He does, shifting in his place a little again, and glancing at you briefly.
Honestly, you don't understand everything he says about the circuit. But that's not the point, and both of you know it. While he's explaining it to you, going through the progress, he has to lay it out for himself, too. And that makes it easier to catch any mistakes that might have gotten lost just swirling around inside his head.
He catches it mid-word, the problem. Some melted-together solder inside a component he had forgotten to check. You smile a little as he rearranges his train of thought, and instantly swtiches from explaining the process to figuring out a solution, leaning closer to the desk and already flipping the circuit board over, reaching for his tools.
Before he does anything else, though, he pauses before his fingers reach the soldering iron, and then he looks up at you.
”Thank you.” He says, voice gentle and sincere.
You smile at him, and try to ignore the way your heart felt like it was simmering in this moment, soaking all of this up for later, the traitorous thing.
He really was beautiful like this.
Especially now, when the frustrated creases on his face had smoothed out, and his posture had relaxed, and he was smiling at you like that.
”No problem.” You answer, and then take a deep breath, stretching your spine out and moving your neck a bit.
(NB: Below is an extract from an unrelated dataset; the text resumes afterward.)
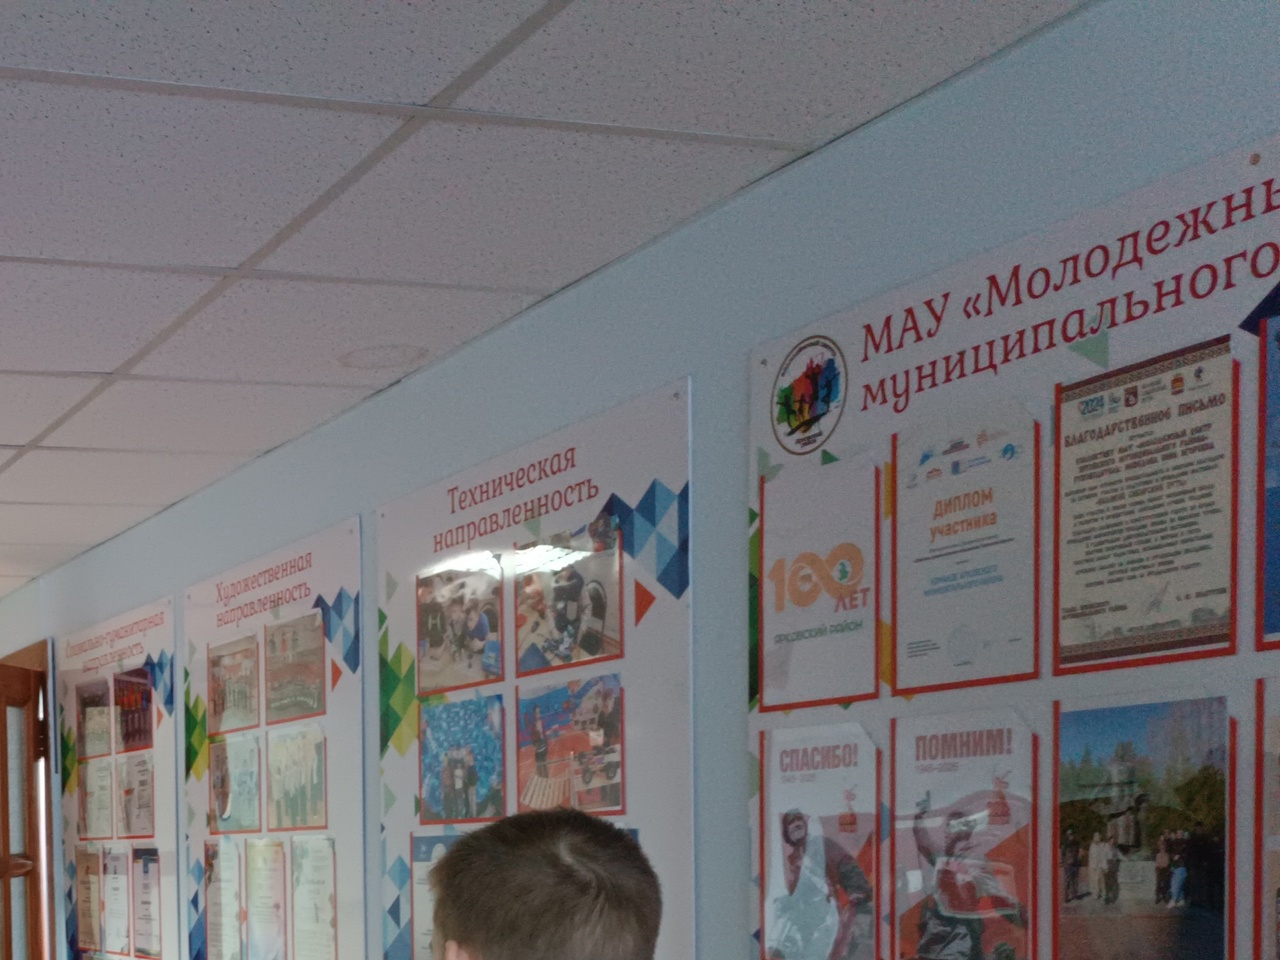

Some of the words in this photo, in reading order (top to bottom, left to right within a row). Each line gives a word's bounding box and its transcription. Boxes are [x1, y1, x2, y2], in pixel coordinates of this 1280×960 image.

Sitting at a desk all day wasn't the best thing you could do to your body.
He nods a little before picking up his tools again, gently turning the component over and examining the insides. You linger next to him, even though you strictly didn't need to anymore. But you'd take any good excuse to watch him like this, from up close, focused and with his fingers quick. Mouth pressed into a thin line in concentration. Breathing slow and steady.
”Once I'm done with this,” He says quietly, his eyes still focused on his work and his hands not breaking their movement – melting away a faulty connection with exact precision and bulding a working one in its place – ”do you want to take a break?” He offers, voice steady but somehow more careful than usual, ”I think there's a new self sevice drink cart in the main lobby. We could check it out. If you want.”
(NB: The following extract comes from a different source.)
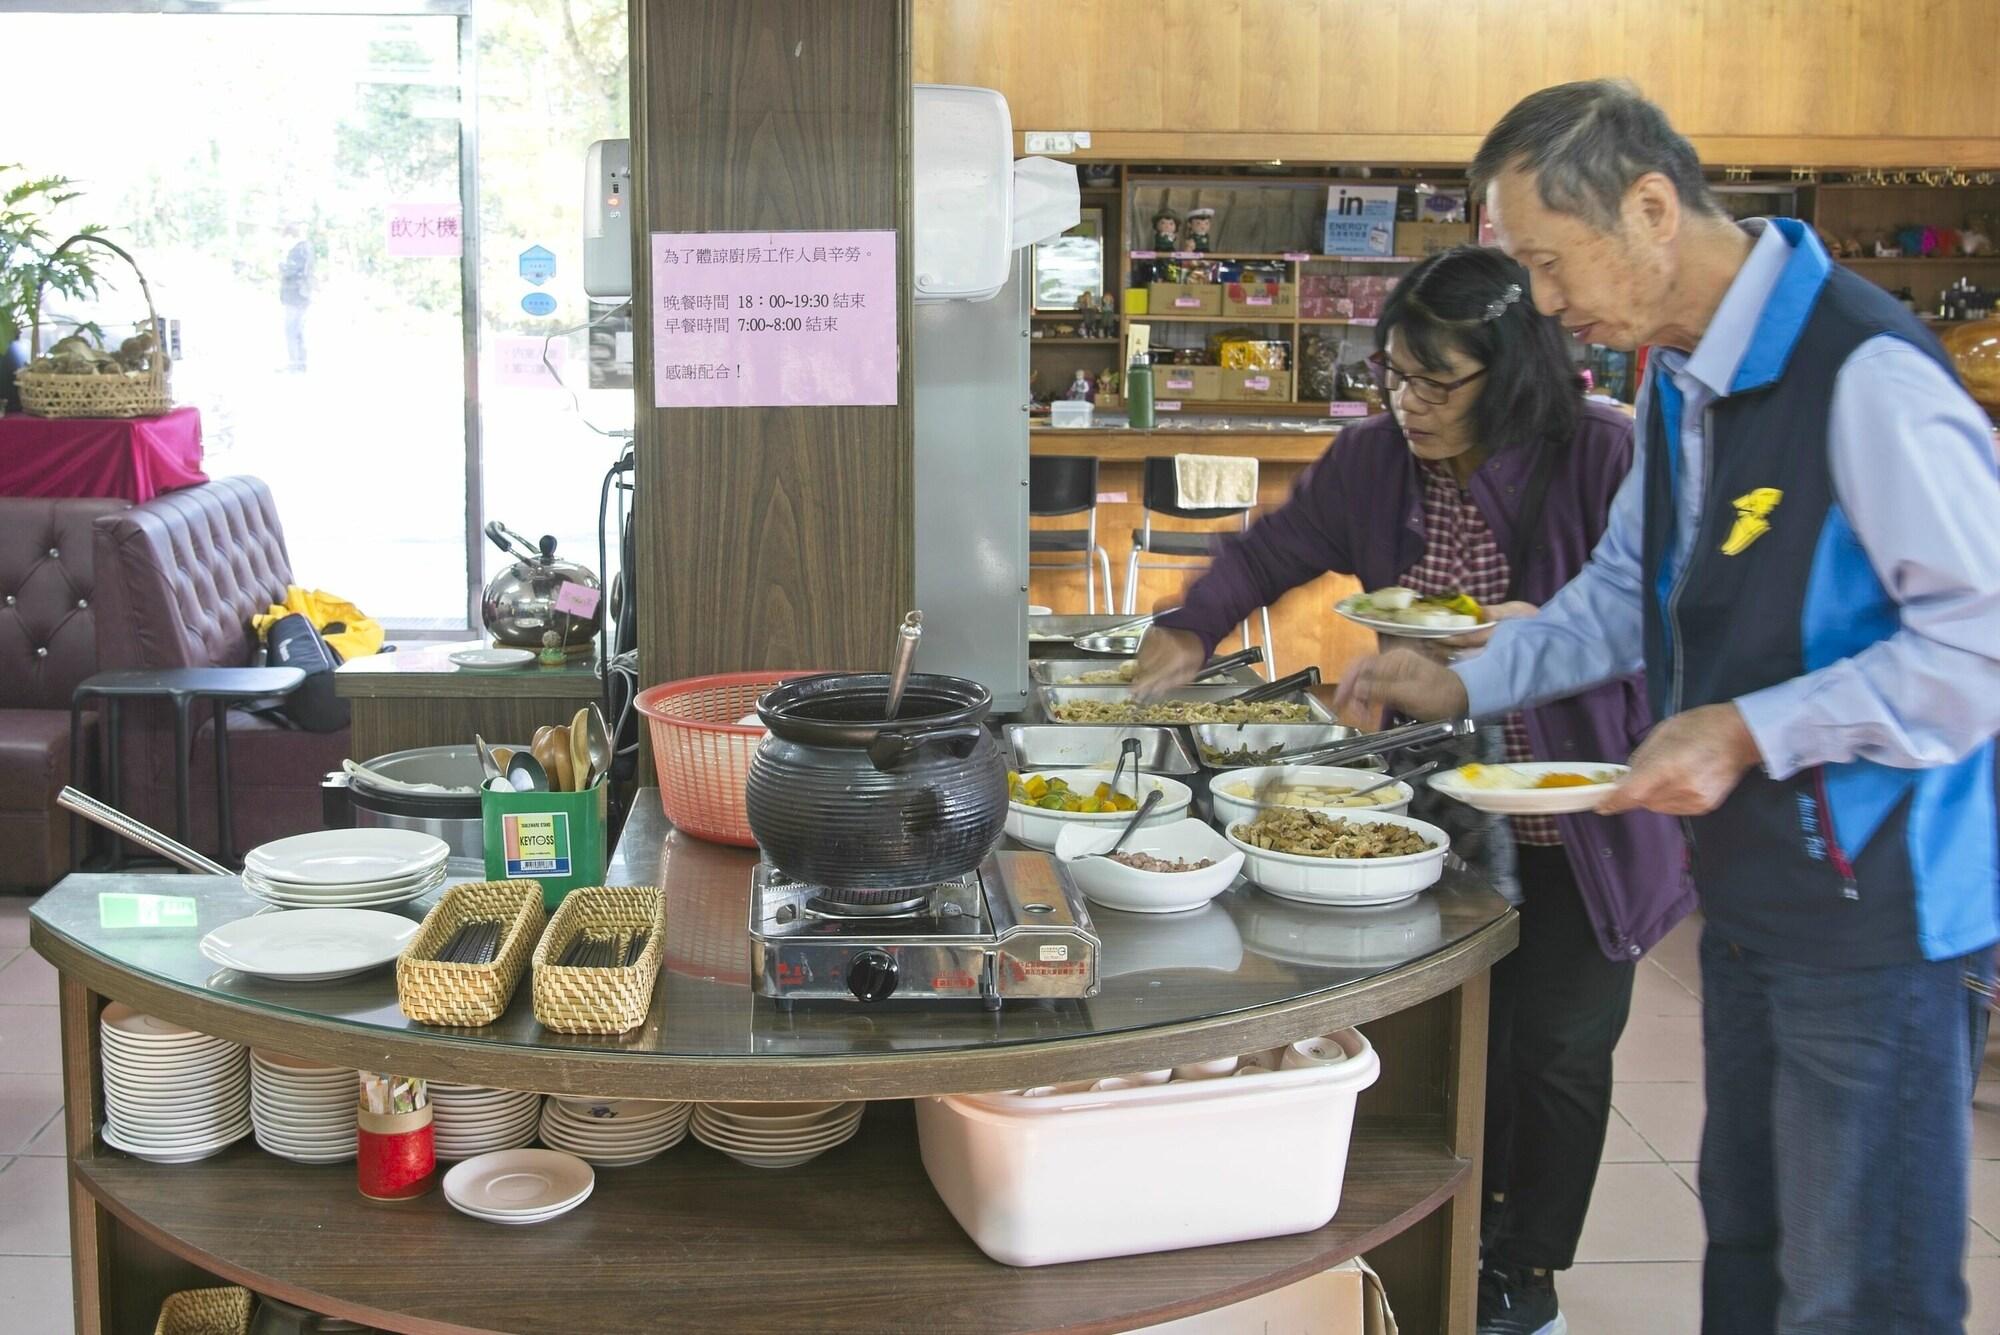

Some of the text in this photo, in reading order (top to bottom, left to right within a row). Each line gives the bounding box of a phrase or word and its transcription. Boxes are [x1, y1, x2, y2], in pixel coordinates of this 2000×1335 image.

You blink as your brain processes the suggestion.
Usually, he just had his drinks here, or to go from whichever place was closest. Usually, he didn't suggest taking extra breaks, especially not ones that included invitations to go somewhere.
But the idea of walking the empty dark hallways with him alone in the quiet night? Going past the hall with the glass ceiling you could see the stars through? Getting coffee, or tea, or sweetmilk, or whatever they had to offer, with him, because he asked you to go?
Yeah.
That sounded a bit too good to pass up.
It made you feel like the late-night golden sunset light had all gathered in your heart and was now running in your veins, instead of just dissipating in the atmosphere somewhere.
It was yours now.
Or at least it could be, maybe. If you'd stay close to him, if he'd keep looking at you like that, smiling at you like that, maybe your heart would always feel like sunlight. Even during the dark, dusty nights.
Especially during the dark, dusty nights.
Besides, you could use the break.
”Yeah,” You answer, and it feels like the small word takes all the air in your lungs with it, ”that sounds nice.”
He smiles, just slightly. Just enough for it to be there. Just enough for it to matter.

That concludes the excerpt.